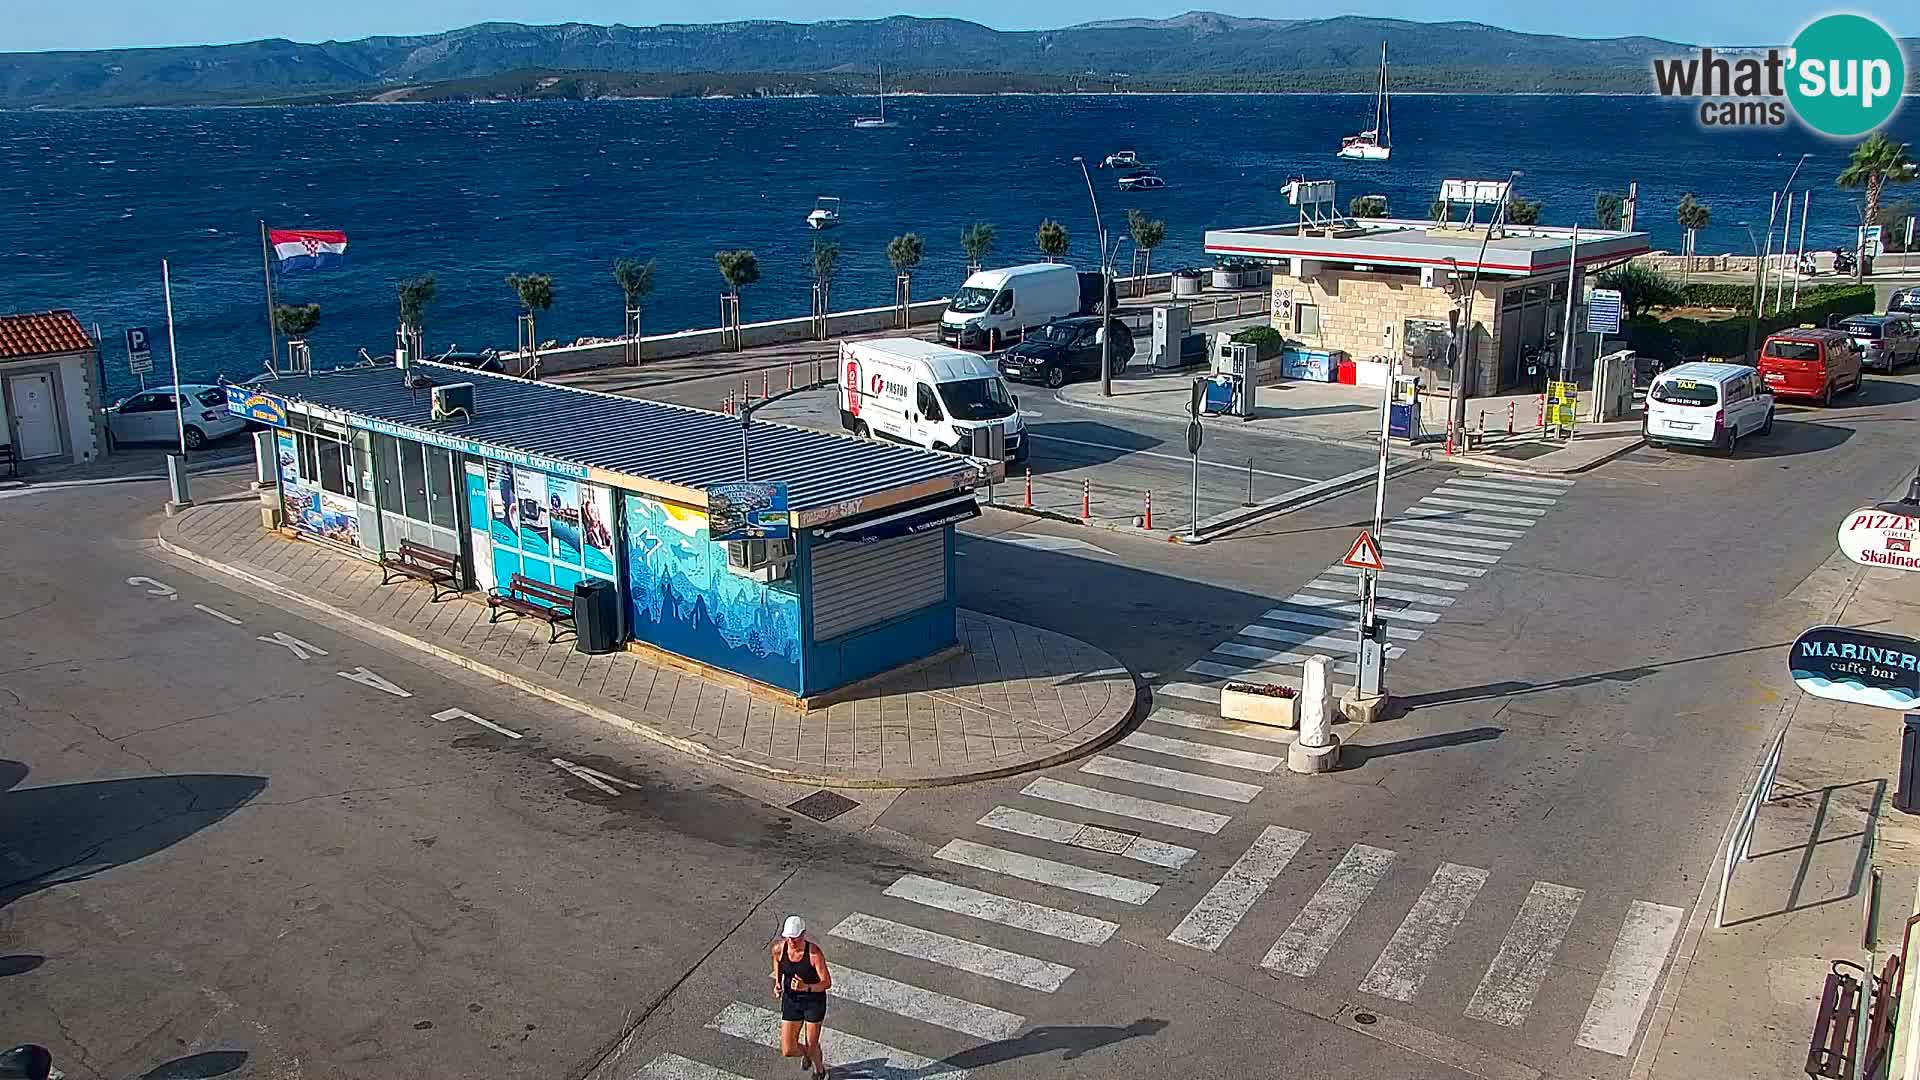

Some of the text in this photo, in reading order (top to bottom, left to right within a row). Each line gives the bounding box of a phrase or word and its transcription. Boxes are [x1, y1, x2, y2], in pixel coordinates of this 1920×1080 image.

[131, 330, 144, 349] P
[1677, 380, 1696, 390] TAXI
[437, 436, 469, 451] POSTAJA
[479, 446, 495, 457] BUS
[495, 449, 528, 464] STATION
[529, 456, 555, 470] TICKET
[556, 462, 584, 476] OFFICE
[1850, 514, 1920, 533] PIZZE
[1800, 641, 1920, 673] MARINER
[1830, 661, 1898, 681] caffe bar
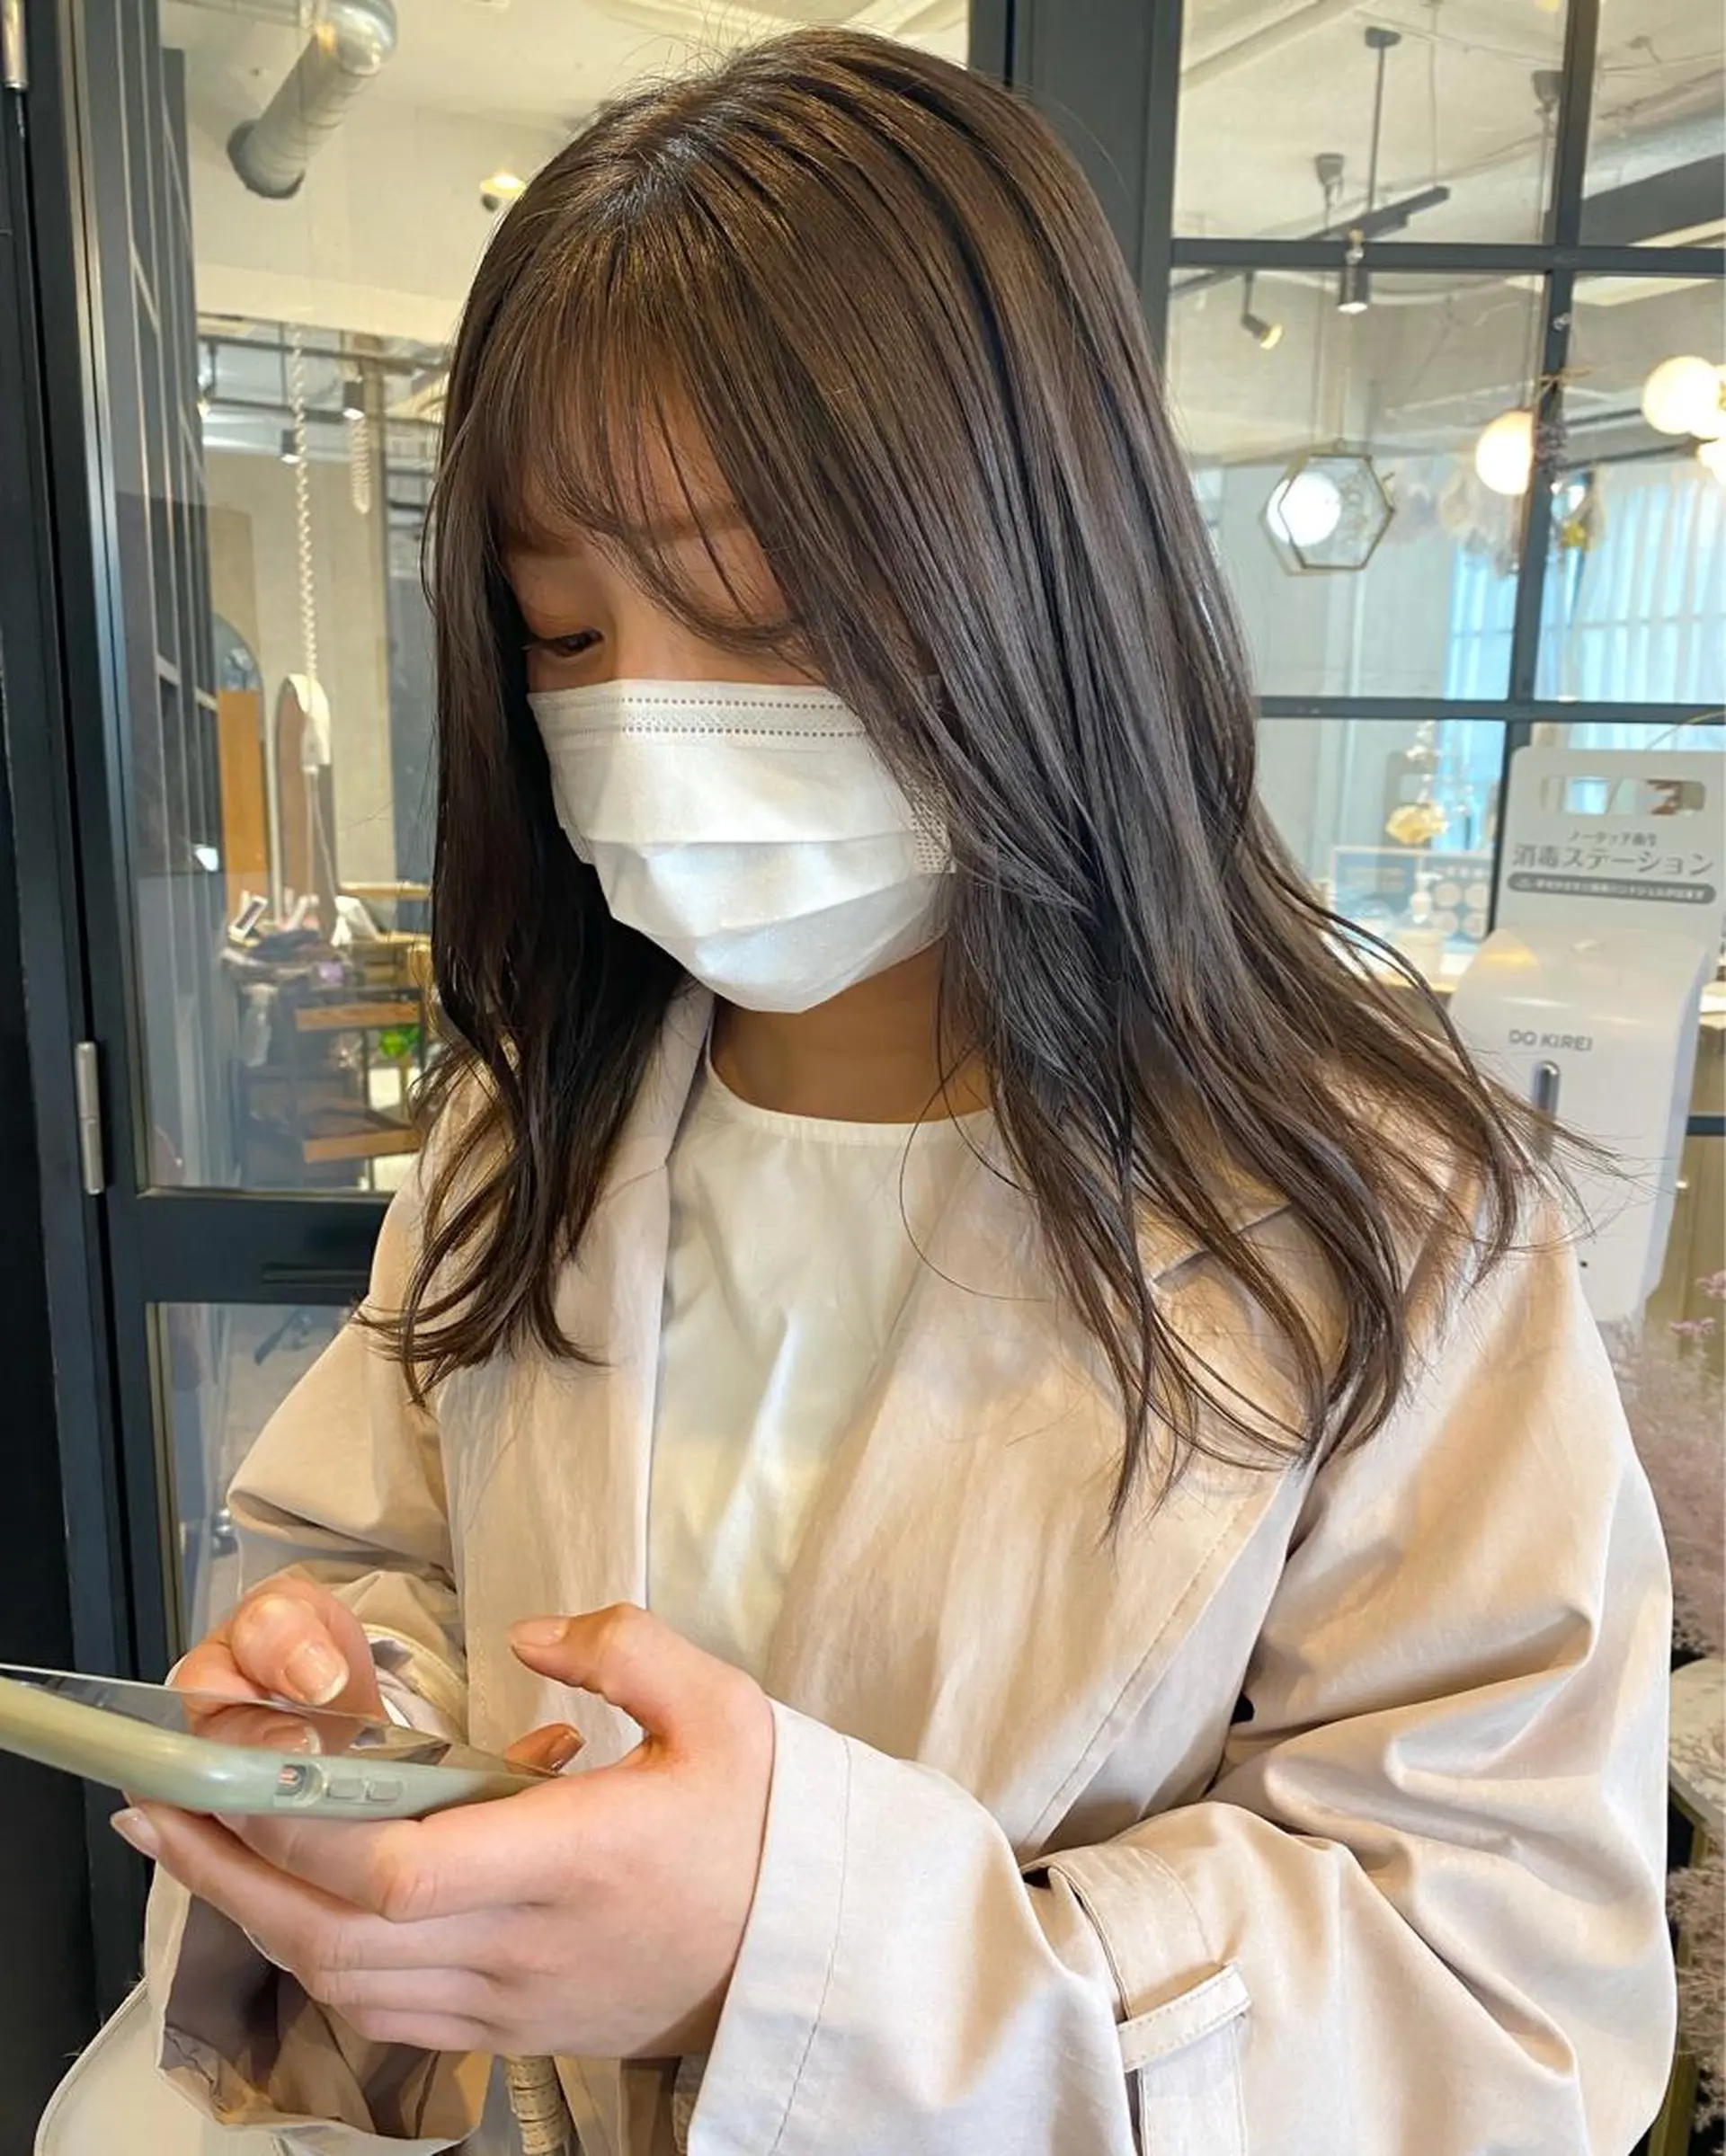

==*==

→ **ABOUT THIS TASK**:
Quote every record above exactly, omitting any pictures they contain.

→ **THE COMPLETED TASK**:
Some of the text in this photo, in reading order (top to bottom, left to right within a row). Each line gives the bounding box of a phrase or word and its transcription. Boxes are [x1, y1, x2, y2], in pixel coordinates of this 1920×1080 image.

[131, 330, 144, 349] P
[1677, 380, 1696, 390] TAXI
[437, 436, 469, 451] POSTAJA
[479, 446, 495, 457] BUS
[495, 449, 528, 464] STATION
[529, 456, 555, 470] TICKET
[556, 462, 584, 476] OFFICE
[1850, 514, 1920, 533] PIZZE
[1800, 641, 1920, 673] MARINER
[1830, 661, 1898, 681] caffe bar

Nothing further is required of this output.